Your instructions:
Down to the last line, repeat the entries exactly.

(Data provided begins)

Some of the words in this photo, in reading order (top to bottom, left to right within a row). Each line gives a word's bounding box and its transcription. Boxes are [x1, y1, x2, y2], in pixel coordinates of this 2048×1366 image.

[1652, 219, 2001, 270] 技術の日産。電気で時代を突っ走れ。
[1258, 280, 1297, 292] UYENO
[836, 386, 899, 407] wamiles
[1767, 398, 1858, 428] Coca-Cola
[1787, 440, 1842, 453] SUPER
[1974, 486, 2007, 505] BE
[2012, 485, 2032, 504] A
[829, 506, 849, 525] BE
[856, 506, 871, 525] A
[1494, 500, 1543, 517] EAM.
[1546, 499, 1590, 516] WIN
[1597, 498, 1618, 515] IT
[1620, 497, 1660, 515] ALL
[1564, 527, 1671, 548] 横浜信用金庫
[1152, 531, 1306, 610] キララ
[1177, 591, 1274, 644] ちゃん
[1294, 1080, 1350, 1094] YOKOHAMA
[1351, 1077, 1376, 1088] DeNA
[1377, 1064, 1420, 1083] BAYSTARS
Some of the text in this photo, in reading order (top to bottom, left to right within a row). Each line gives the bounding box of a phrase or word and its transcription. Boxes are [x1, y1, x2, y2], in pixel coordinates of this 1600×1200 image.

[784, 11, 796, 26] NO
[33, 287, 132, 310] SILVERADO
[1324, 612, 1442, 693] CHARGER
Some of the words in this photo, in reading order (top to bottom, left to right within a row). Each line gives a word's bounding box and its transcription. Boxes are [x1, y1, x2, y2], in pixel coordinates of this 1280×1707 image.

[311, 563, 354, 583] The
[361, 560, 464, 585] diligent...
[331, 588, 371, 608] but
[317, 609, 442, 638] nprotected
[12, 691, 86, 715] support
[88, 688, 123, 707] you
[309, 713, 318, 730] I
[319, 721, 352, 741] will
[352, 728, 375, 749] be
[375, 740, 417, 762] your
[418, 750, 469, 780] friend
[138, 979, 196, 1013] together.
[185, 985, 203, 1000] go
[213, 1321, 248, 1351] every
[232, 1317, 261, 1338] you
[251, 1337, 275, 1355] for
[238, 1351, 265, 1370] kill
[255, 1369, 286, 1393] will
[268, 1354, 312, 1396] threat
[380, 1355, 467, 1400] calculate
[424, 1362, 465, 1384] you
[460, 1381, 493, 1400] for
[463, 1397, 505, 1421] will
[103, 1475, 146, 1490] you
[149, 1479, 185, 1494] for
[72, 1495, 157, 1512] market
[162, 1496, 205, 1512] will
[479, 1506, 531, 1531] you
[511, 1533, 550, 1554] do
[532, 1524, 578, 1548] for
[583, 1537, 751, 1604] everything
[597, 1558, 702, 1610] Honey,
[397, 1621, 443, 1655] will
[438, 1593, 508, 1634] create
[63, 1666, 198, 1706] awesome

(Data provided ends)

Written response:
Some of the words in this photo, in reading order (top to bottom, left to right within a row). Each line gives a word's bounding box and its transcription. Boxes are [x1, y1, x2, y2], in pixel coordinates of this 2048×1366 image.

[1652, 219, 2001, 270] 技術の日産。電気で時代を突っ走れ。
[1258, 280, 1297, 292] UYENO
[836, 386, 899, 407] wamiles
[1767, 398, 1858, 428] Coca-Cola
[1787, 440, 1842, 453] SUPER
[1974, 486, 2007, 505] BE
[2012, 485, 2032, 504] A
[829, 506, 849, 525] BE
[856, 506, 871, 525] A
[1494, 500, 1543, 517] EAM.
[1546, 499, 1590, 516] WIN
[1597, 498, 1618, 515] IT
[1620, 497, 1660, 515] ALL
[1564, 527, 1671, 548] 横浜信用金庫
[1152, 531, 1306, 610] キララ
[1177, 591, 1274, 644] ちゃん
[1294, 1080, 1350, 1094] YOKOHAMA
[1351, 1077, 1376, 1088] DeNA
[1377, 1064, 1420, 1083] BAYSTARS
Some of the text in this photo, in reading order (top to bottom, left to right within a row). Each line gives the bounding box of a phrase or word and its transcription. Boxes are [x1, y1, x2, y2], in pixel coordinates of this 1600×1200 image.

[784, 11, 796, 26] NO
[33, 287, 132, 310] SILVERADO
[1324, 612, 1442, 693] CHARGER
Some of the words in this photo, in reading order (top to bottom, left to right within a row). Each line gives a word's bounding box and its transcription. Boxes are [x1, y1, x2, y2], in pixel coordinates of this 1280×1707 image.

[311, 563, 354, 583] The
[361, 560, 464, 585] diligent...
[331, 588, 371, 608] but
[317, 609, 442, 638] nprotected
[12, 691, 86, 715] support
[88, 688, 123, 707] you
[309, 713, 318, 730] I
[319, 721, 352, 741] will
[352, 728, 375, 749] be
[375, 740, 417, 762] your
[418, 750, 469, 780] friend
[138, 979, 196, 1013] together.
[185, 985, 203, 1000] go
[213, 1321, 248, 1351] every
[232, 1317, 261, 1338] you
[251, 1337, 275, 1355] for
[238, 1351, 265, 1370] kill
[255, 1369, 286, 1393] will
[268, 1354, 312, 1396] threat
[380, 1355, 467, 1400] calculate
[424, 1362, 465, 1384] you
[460, 1381, 493, 1400] for
[463, 1397, 505, 1421] will
[103, 1475, 146, 1490] you
[149, 1479, 185, 1494] for
[72, 1495, 157, 1512] market
[162, 1496, 205, 1512] will
[479, 1506, 531, 1531] you
[511, 1533, 550, 1554] do
[532, 1524, 578, 1548] for
[583, 1537, 751, 1604] everything
[597, 1558, 702, 1610] Honey,
[397, 1621, 443, 1655] will
[438, 1593, 508, 1634] create
[63, 1666, 198, 1706] awesome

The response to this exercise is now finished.